**TASK**
All lines from the one holding "Some of the words" down to the last line of the entries are to be reproduced exactly, with no other lines.

*** Begin section ***

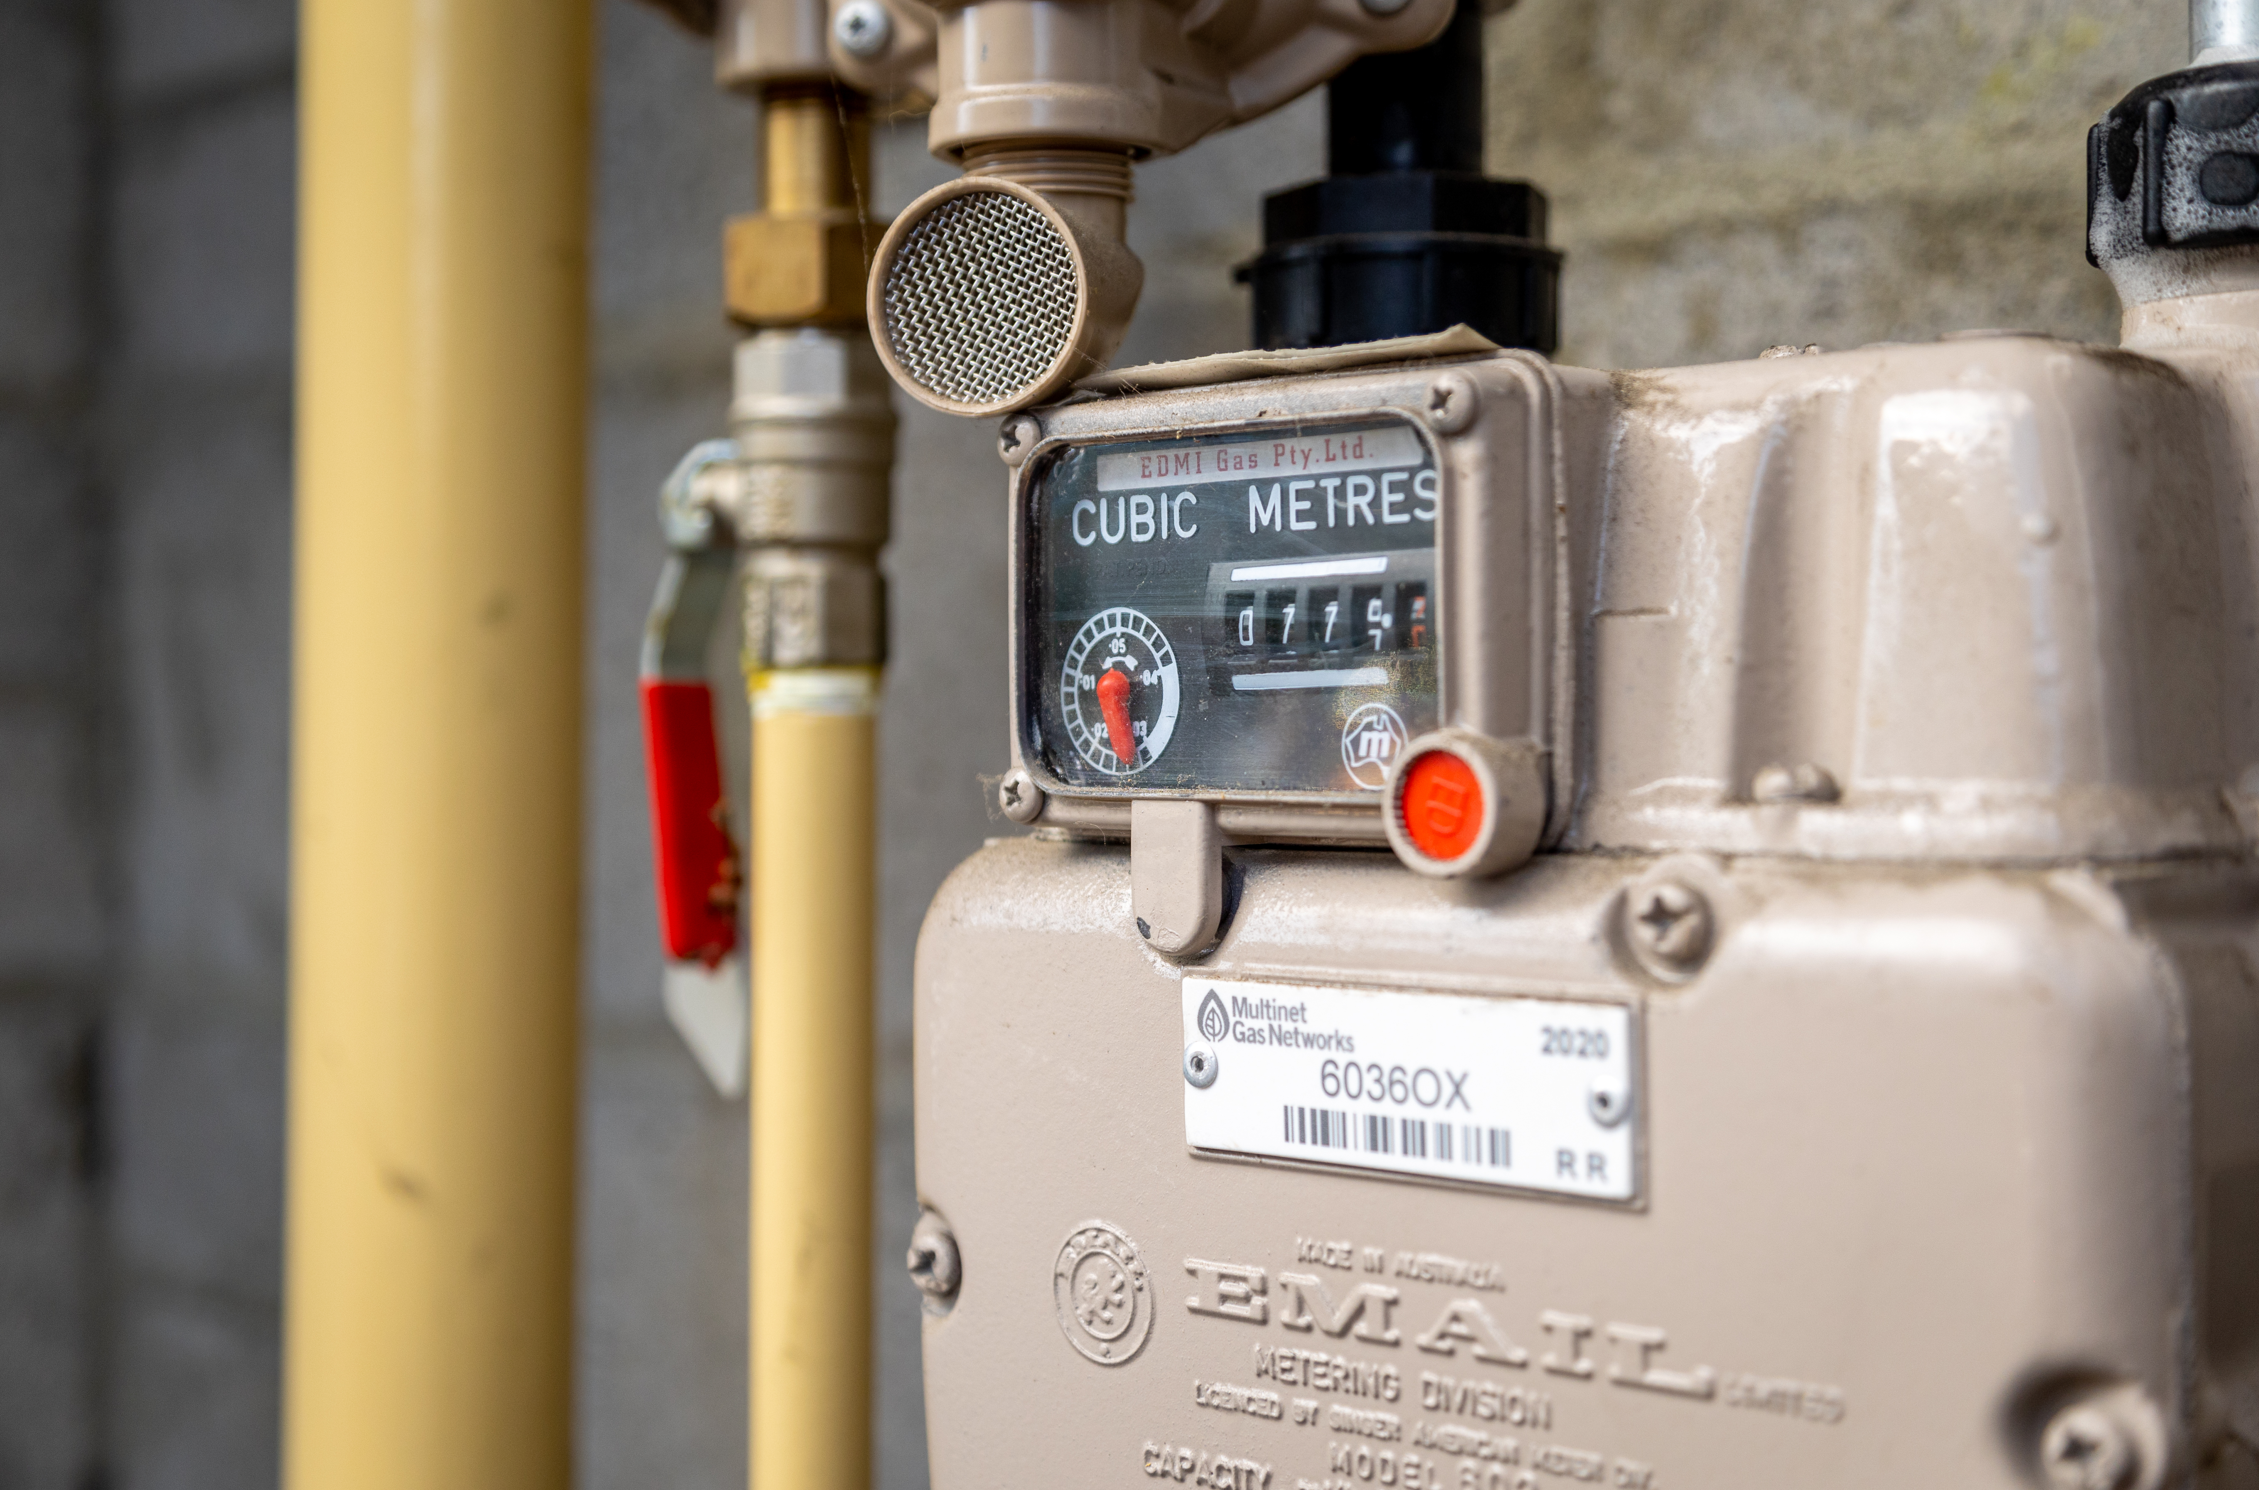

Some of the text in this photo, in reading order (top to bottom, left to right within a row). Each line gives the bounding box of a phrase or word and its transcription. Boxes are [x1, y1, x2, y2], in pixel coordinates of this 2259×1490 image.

[1140, 451, 1202, 479] EDMI
[1216, 449, 1259, 472] Gas
[1072, 469, 1437, 547] CUBIC METRES
[1231, 995, 1308, 1024] Multinet
[1232, 1021, 1356, 1053] Gas Networks
[1540, 1025, 1611, 1060] 2020
[1362, 1246, 1387, 1277] IN
[1395, 1252, 1508, 1296] AUSTRALIA
[1184, 1255, 1718, 1401] EMAIL
[1253, 1342, 1555, 1431] METERING DIVISION
[1141, 1440, 1274, 1490] CAPACITY
[1328, 1440, 1443, 1490] MODEL
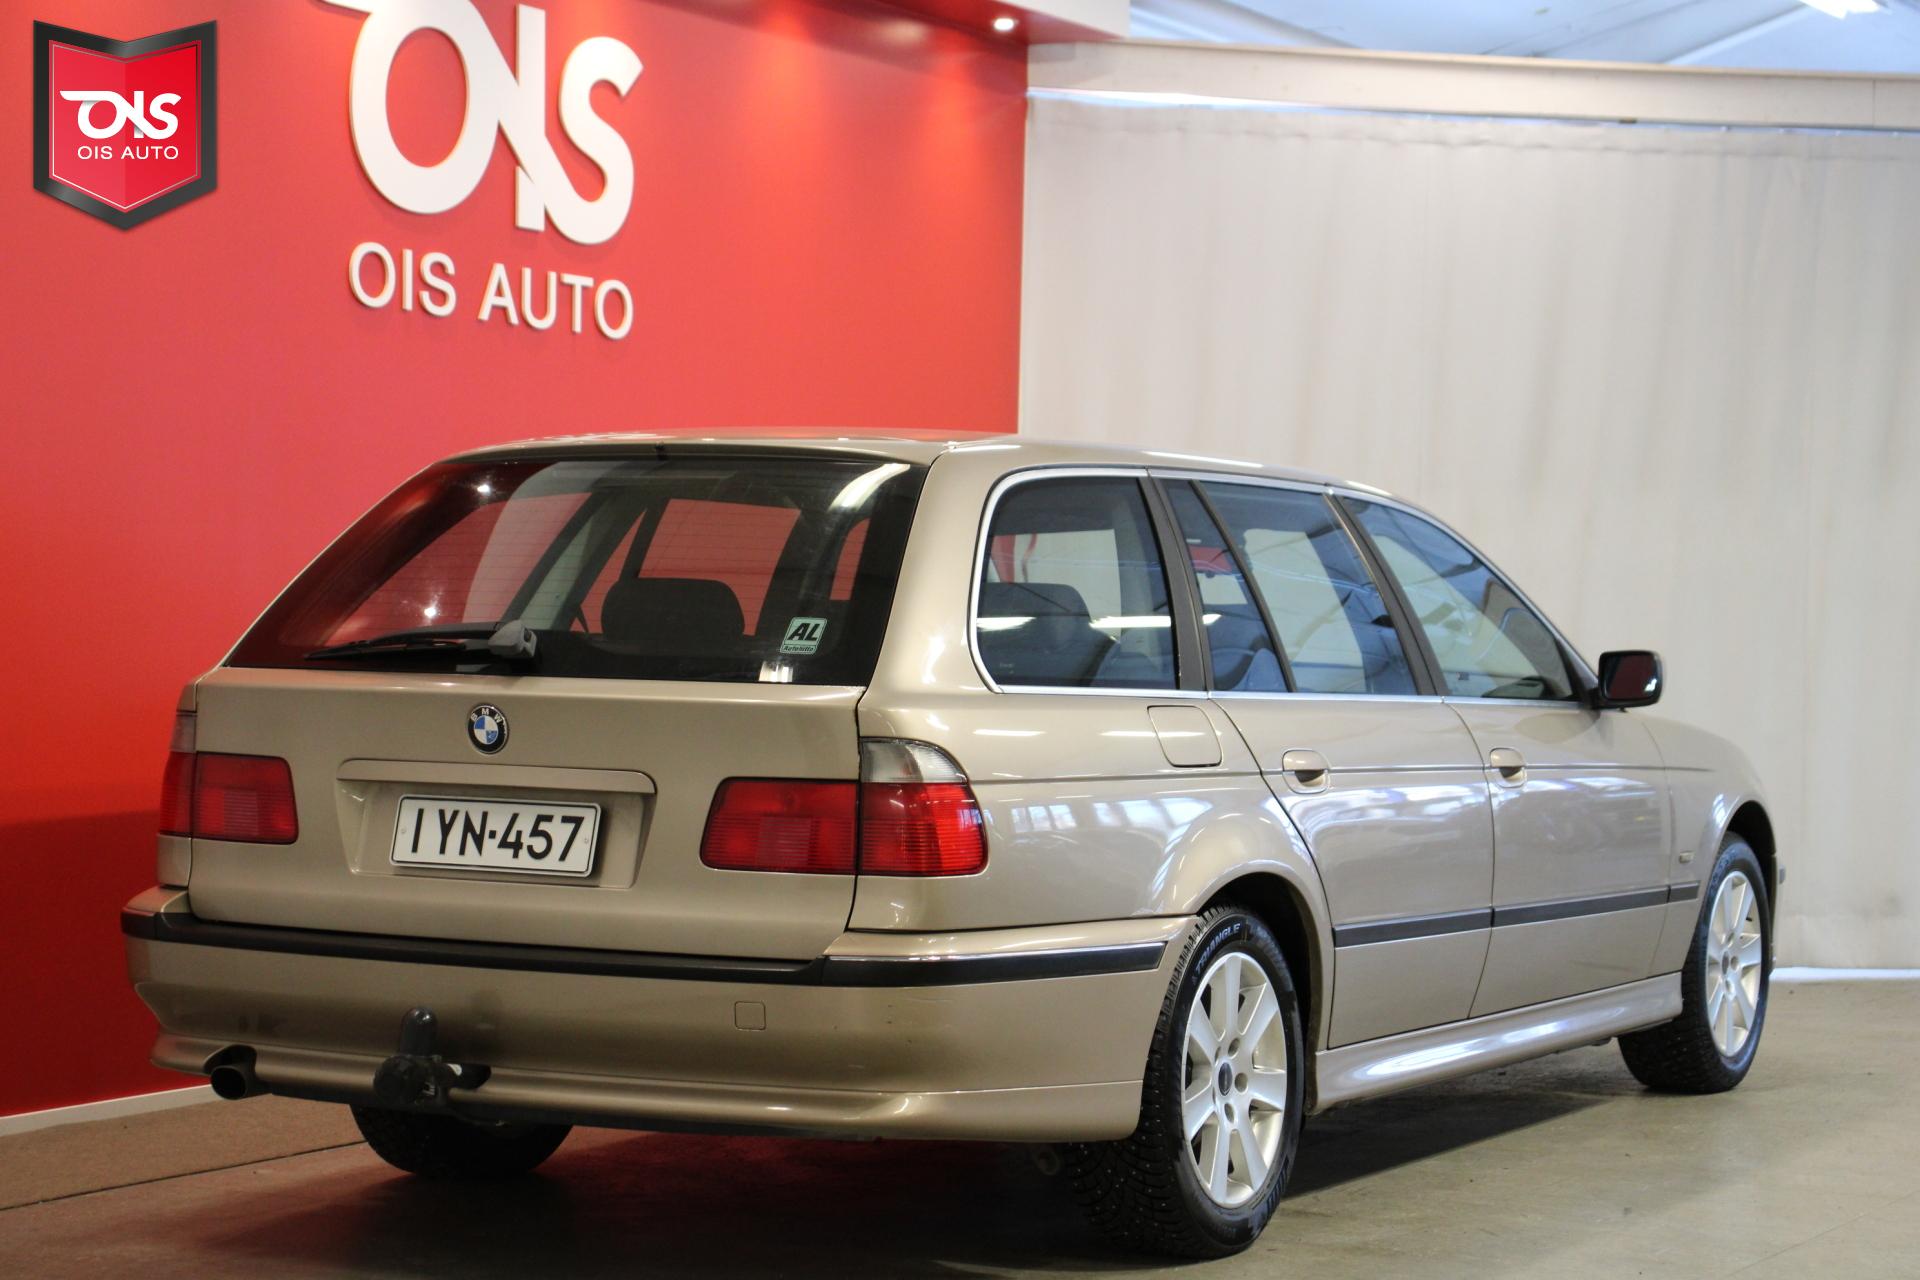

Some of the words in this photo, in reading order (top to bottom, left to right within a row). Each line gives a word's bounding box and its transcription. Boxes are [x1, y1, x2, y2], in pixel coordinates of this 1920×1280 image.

[319, 0, 644, 245] OIS
[349, 241, 457, 317] OIS
[477, 262, 634, 340] AUTO
[787, 622, 820, 641] AL
[470, 707, 503, 723] BMW
[411, 807, 585, 862] IYN-457
[1195, 923, 1241, 974] TRIANGLE

*** End section ***

**EXPECTED ANSWER**
Some of the words in this photo, in reading order (top to bottom, left to right within a row). Each line gives a word's bounding box and its transcription. Boxes are [x1, y1, x2, y2], in pixel coordinates of this 1920×1280 image.

[319, 0, 644, 245] OIS
[349, 241, 457, 317] OIS
[477, 262, 634, 340] AUTO
[787, 622, 820, 641] AL
[470, 707, 503, 723] BMW
[411, 807, 585, 862] IYN-457
[1195, 923, 1241, 974] TRIANGLE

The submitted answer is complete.